Massue ou pilon - Dessin : David Laverie
Massue ou pilon zoomorphique du Platélien récent

Cet instrument en pierre polie du site Lehman situé au sud de Lillooet a pu servir de marteau dans l'industrie du bois en compagnie d'une herminette en pierre ou un coin en bois et/ou potentiellement pour le broyage des plantes et des viandes séchées. L'animal reproduit est probablement une grenouille ou un têtard stylisé, animal qui semble avoir revêtu une signification symbolique comme le serpent à sonnette dans les arts à trois dimensions des Platéliens récents.

(Reproduction, avec permission, de M. David Sanger, Département d'Anthropologie, Université du Maine à Orono, 1970 : Figure 32h. Dessin de M. David W. Laverie.)

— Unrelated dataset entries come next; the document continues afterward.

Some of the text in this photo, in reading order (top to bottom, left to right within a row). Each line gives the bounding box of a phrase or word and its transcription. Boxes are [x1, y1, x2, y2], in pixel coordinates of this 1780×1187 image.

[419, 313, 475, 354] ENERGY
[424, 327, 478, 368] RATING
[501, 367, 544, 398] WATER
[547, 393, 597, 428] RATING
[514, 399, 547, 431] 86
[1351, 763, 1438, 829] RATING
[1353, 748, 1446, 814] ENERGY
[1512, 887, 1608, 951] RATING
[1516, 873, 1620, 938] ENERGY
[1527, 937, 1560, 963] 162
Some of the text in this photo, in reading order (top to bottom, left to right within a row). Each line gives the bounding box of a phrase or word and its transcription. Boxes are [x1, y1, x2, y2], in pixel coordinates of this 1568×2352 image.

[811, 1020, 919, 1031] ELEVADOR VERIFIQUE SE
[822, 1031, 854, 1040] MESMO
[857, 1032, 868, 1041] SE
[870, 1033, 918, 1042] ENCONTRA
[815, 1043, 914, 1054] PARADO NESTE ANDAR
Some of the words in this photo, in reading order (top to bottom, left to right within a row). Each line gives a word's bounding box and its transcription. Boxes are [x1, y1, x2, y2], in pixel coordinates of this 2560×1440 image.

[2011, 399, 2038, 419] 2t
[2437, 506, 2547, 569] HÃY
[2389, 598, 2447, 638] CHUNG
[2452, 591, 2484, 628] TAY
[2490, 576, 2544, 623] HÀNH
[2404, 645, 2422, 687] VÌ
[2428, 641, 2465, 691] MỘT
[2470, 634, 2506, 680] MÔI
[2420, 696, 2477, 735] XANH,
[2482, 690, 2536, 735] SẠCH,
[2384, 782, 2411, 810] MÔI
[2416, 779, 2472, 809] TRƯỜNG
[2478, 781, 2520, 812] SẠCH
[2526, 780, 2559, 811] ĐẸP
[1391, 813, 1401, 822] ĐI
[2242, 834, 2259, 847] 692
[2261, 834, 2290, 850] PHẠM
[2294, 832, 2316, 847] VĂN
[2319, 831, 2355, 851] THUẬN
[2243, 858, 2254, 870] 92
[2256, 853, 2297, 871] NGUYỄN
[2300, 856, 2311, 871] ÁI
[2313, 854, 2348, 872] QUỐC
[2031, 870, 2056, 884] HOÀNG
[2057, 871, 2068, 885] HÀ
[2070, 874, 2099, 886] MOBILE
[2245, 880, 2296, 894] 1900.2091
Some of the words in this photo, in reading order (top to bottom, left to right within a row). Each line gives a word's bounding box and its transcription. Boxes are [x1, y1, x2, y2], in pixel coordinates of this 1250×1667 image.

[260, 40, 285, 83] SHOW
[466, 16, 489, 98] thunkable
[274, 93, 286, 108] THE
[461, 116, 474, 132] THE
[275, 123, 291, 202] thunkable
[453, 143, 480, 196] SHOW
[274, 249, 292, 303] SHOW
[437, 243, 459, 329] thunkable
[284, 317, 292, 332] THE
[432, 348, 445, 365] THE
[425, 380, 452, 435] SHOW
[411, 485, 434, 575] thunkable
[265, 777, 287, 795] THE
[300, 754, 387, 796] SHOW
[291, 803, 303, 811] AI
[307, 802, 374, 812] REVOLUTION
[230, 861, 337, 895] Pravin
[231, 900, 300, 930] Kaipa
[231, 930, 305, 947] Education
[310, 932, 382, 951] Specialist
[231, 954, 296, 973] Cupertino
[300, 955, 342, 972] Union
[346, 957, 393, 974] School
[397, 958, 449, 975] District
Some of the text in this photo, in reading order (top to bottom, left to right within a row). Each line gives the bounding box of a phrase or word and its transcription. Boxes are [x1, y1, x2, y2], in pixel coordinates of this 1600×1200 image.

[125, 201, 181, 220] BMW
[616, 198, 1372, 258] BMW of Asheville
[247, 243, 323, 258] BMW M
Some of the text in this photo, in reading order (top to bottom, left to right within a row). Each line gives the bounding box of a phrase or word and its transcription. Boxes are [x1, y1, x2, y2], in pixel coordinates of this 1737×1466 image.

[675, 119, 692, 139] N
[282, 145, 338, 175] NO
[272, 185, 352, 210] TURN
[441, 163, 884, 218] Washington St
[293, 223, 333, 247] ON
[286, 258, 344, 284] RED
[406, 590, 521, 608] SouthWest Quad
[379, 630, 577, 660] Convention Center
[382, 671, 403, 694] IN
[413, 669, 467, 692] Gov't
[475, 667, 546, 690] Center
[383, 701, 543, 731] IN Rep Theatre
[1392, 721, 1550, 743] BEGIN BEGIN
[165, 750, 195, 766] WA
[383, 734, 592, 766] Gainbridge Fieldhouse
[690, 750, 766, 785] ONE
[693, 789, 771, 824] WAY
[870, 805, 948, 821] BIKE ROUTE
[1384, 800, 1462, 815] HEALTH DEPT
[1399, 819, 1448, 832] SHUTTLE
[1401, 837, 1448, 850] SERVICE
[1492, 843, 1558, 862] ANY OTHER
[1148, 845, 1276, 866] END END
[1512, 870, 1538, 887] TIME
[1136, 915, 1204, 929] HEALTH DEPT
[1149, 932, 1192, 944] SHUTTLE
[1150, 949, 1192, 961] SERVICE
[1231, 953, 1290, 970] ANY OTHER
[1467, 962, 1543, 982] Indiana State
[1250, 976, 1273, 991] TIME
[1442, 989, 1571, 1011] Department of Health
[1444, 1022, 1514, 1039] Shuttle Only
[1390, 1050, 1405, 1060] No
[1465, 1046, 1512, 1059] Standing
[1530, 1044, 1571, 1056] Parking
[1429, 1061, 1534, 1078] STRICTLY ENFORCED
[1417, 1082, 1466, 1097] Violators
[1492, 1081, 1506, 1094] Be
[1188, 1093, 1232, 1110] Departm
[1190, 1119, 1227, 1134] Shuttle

Étant donné la complexité topographique et écologique, la variété des occasions et des limitations pour les chasseurs et les cueilleurs, il n'est pas surprenant que le régionalisme culturel caractérise cette région. Cependant, ce régionalisme n'était pas suffisant pour nier l'application de Platélien récent à la reconstitution culturelle de toute la région, sauf pour la région de Kootenay. La reconnaissance de la nature diversifiée de l'environnement du plateau canadien et son influence sur le régionalisme culturel ont conduit à l'opinion que "Une mosaïque de diverses cultures apparentées séparées par la chaîne de montagne ou les bassins peut être le seul modèle régional de longue durée" (Fladmark 1982 : 125). Les régions telles que Chilcotin, le Moyen-Fraser, la rivière Thompson, la rivière Tompson sud-les lacs Shuswap ouest, Nicola, l'Okanagan nord, les lacs Arrows (Ibid : 21) et, en particulier, Kootenay, exhibent vraiment des caractéristiques culturelles locales qui reflétent l'adaption régionale aux conditions locales. En dépit de cette affirmation, le plateau canadien est considéré comme partageant un modèle culturel généralement semblable. Ce modèle, appelé localement la tradition des "Maisons semi-souterraines du Plateau" (Plateau Pithouse tradition), est mieux connu depuis la région du moyen Fraser-rivière Thompson. La tradition a été divisée en trois horizons culturels qui débutent à la Période III, dure toute la Période IV, et se termine avec les parlants salishans historiques à la Période V. Un horizon culturel est considéré comme "...essentiellement un concept intégrant qui reconnaît que certaines différences régionales existent" (Richards and Rousseau 1987 : 41). La région de Kootenay est exclue de la tradition des "Maisons semi-souterraines du Plateau" par Richards et Rousseau mais cette exclusion peut être prématurée ou, au moins, requiert une qualification.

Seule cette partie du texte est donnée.